Making Dosas with different Karam (Curried Masalas) is what Athamma makes most days for breakfast. She makes with ripe chilies, green chilies and so many other varieties as well. This version was something that's made with green chilies mixed with other spices like cumin, garlic etc. This surely spikes your morning like nothing else can.
We make this karam and store it for a week and use it on different dishes like Dosas, Idlis and sometimes on Bread as well.

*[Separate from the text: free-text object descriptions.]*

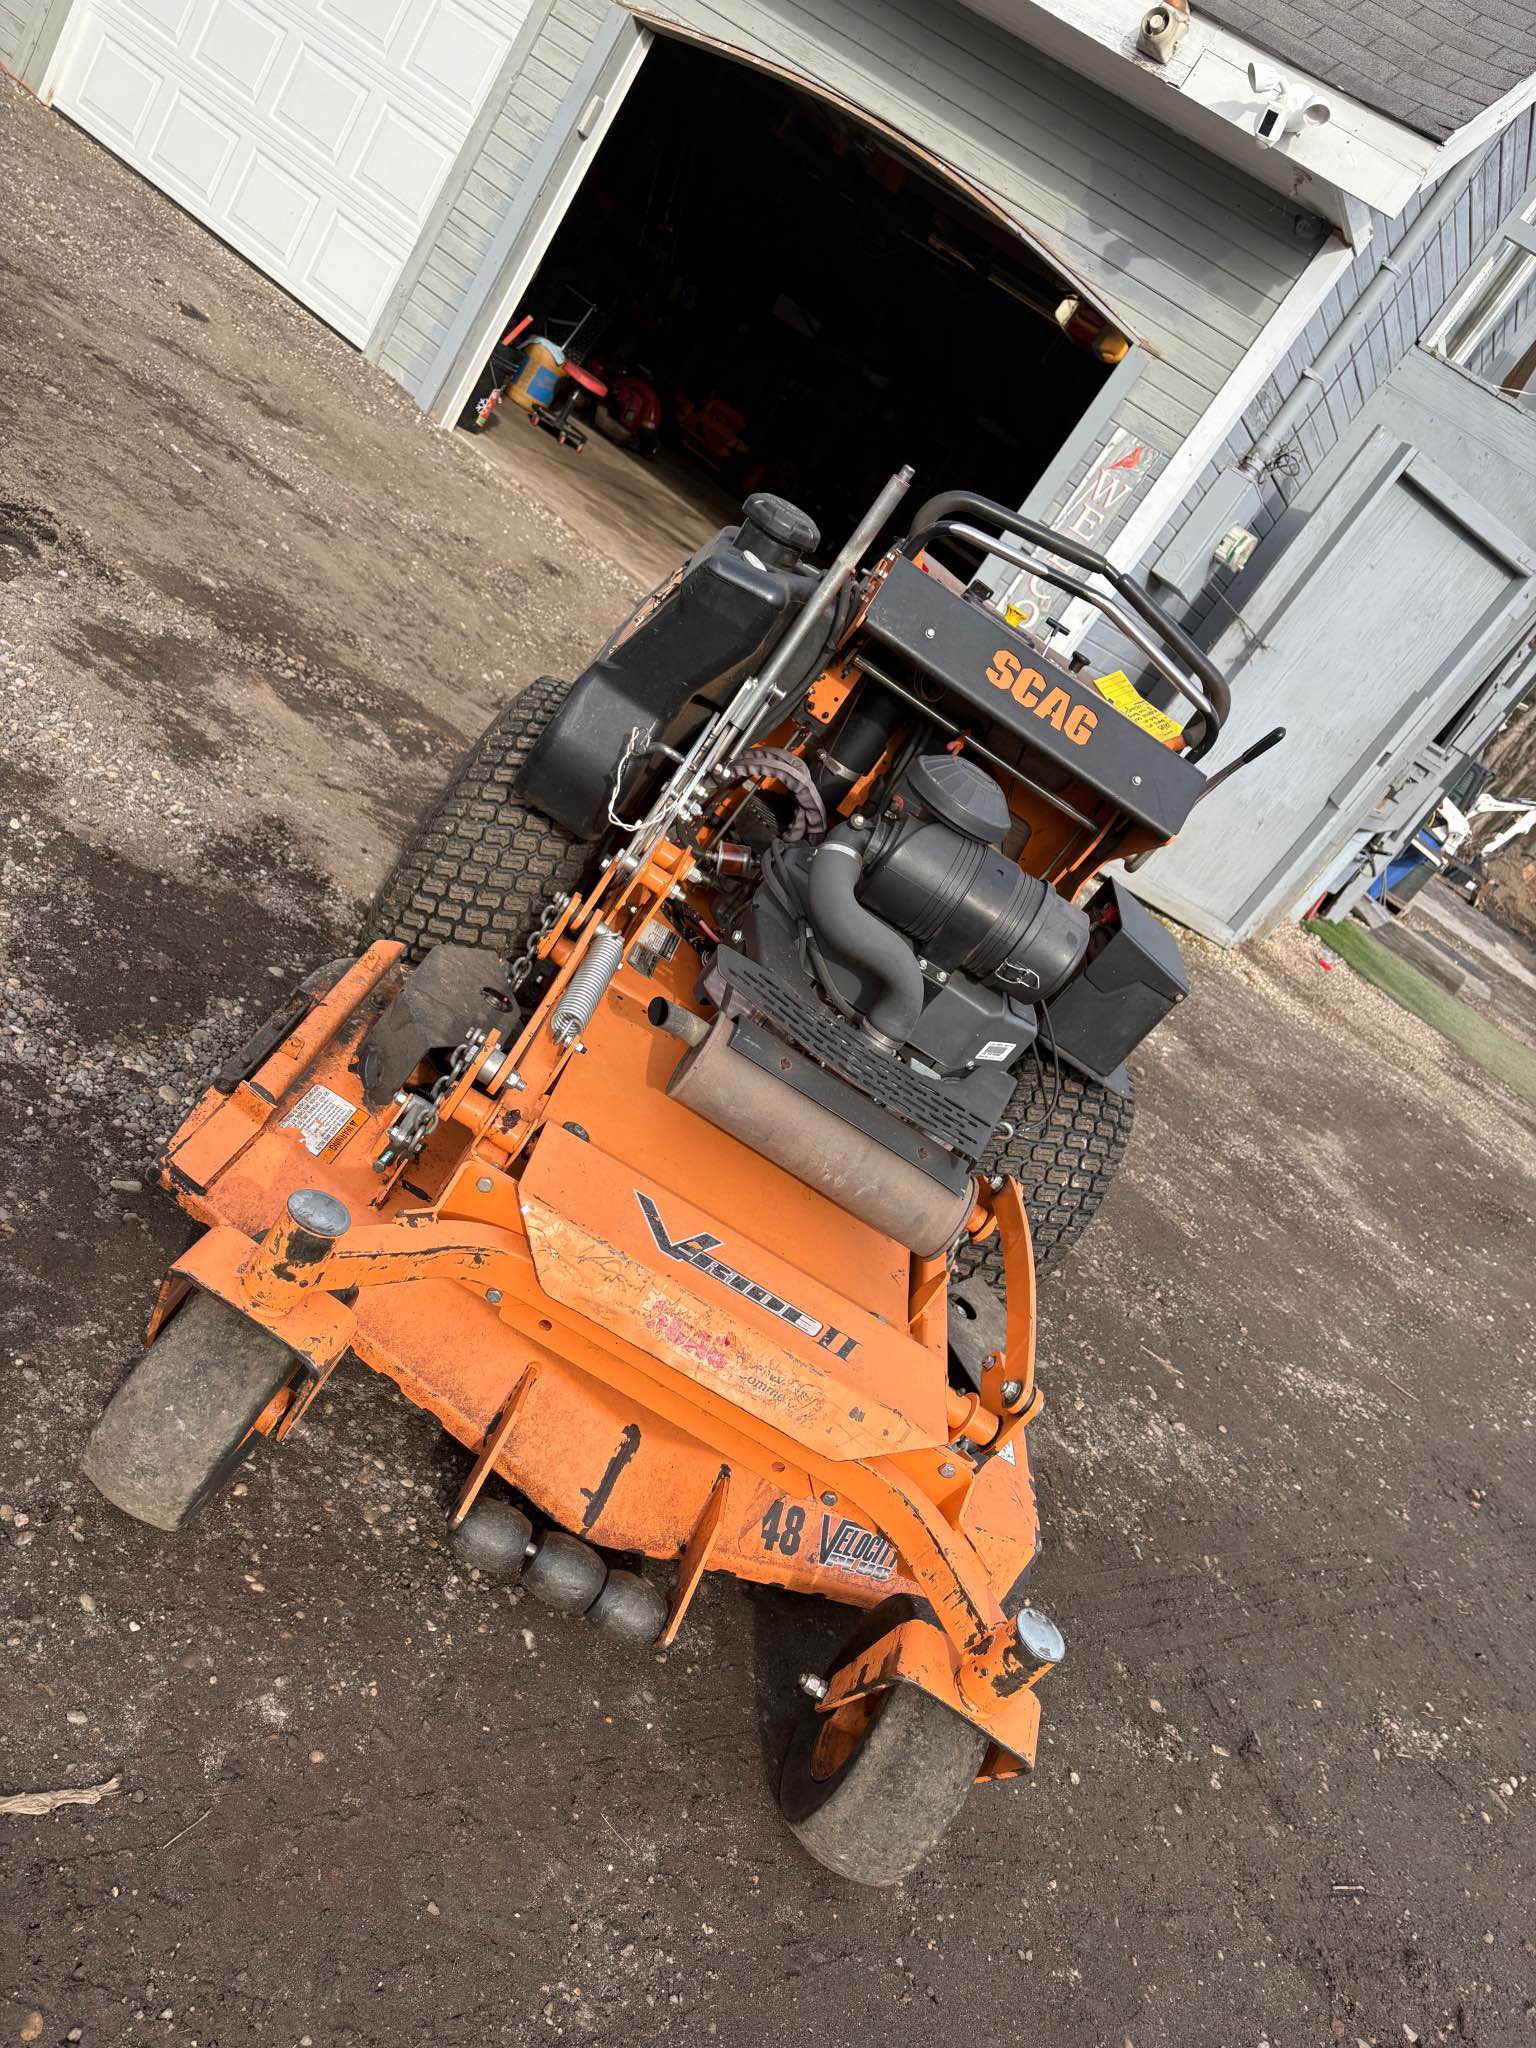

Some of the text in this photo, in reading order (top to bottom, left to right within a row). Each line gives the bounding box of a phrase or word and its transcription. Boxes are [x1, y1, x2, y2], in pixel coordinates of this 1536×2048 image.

[984, 648, 1099, 746] SCAG
[326, 1123, 354, 1152] WARNING
[812, 1323, 864, 1364] II
[760, 1498, 806, 1556] 48
[825, 1553, 891, 1580] PLUS

As I am writing this, I am checking on the next set of dishes that I should be making for this Navarathri Pooja. I am almost done what I should be making. Hoping to have you all join me to make this a great festival season.
Pachi Mirapakaya Karam Dosa
For the Karam:
Green Chilies, chopped - 1/2 cup
Garlic - 5 -6 cloves
Salt to taste
Cumin Seeds - 1 tsp
Oil - 2 tsp
Mustard Seeds, Urad Dal for seasoning
Dosa Batter for making Dosas
How to make the Karam:
Wash and chop the chillies. Heat a pan with a tsp of oil. Saute the chilies, garlic and cumin together until the green chilies are lightly browned.

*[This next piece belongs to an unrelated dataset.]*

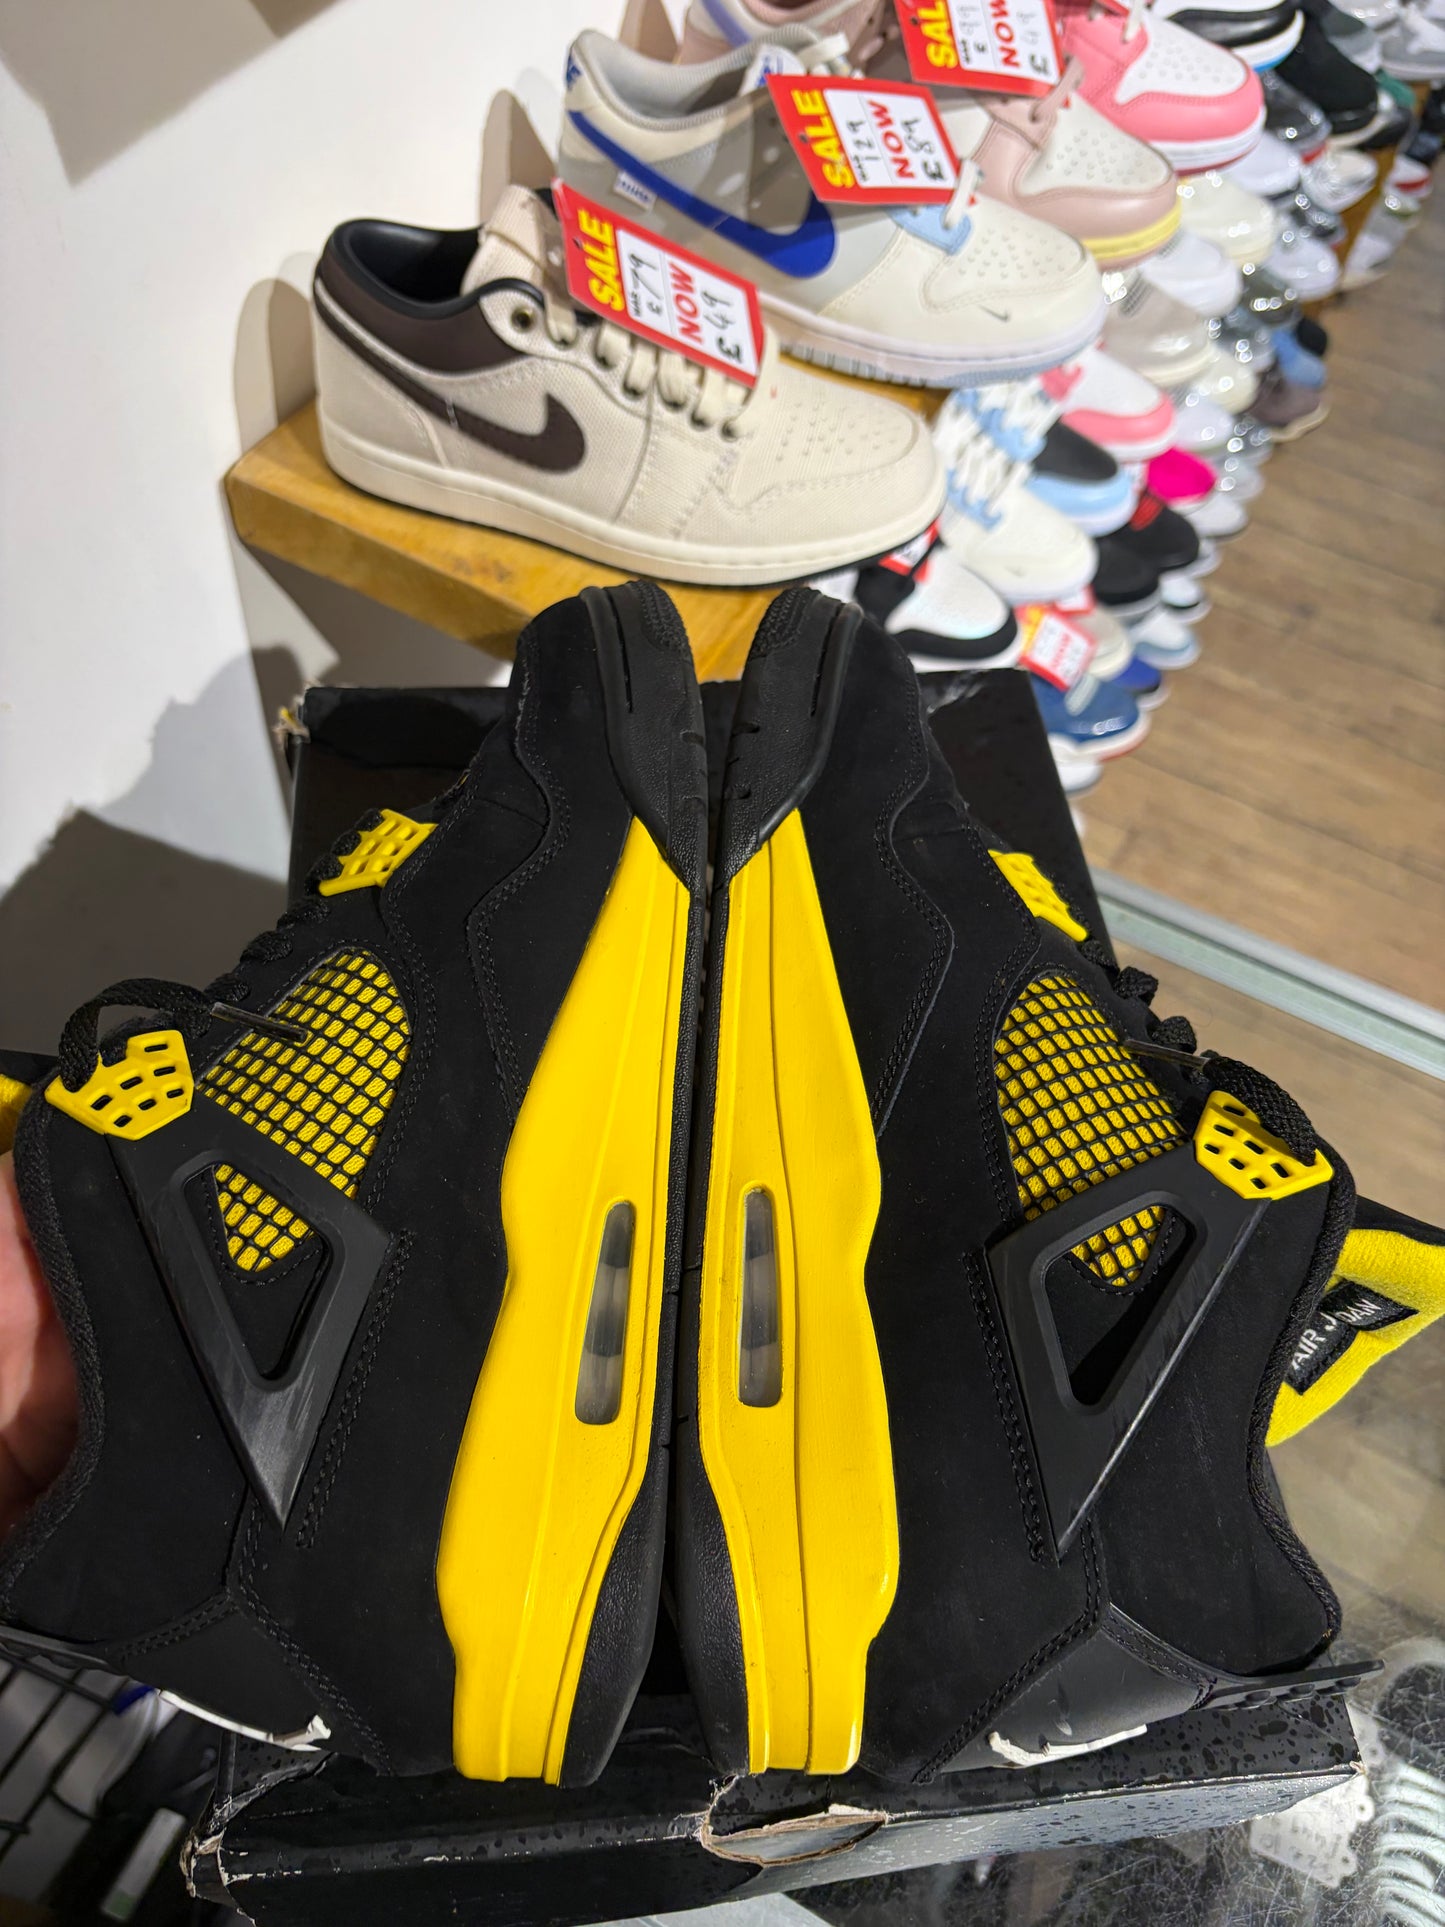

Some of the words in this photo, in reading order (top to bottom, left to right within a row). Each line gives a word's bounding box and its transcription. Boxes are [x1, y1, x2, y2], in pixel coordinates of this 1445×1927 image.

Allow to cool and grind to a coarse paste, add water by a teaspoon if required to get the paste done. The paste would not be very smooth.
Heat a pan with oil, season with mustard seeds, Urad dal, curry leaves, add the ground masala and saute well.
Heat the tawa and make dosas. Cook on both sides. Spread a spoon of the masala on the dosa and sprinkle oil. Fold and serve with chutneys of choice.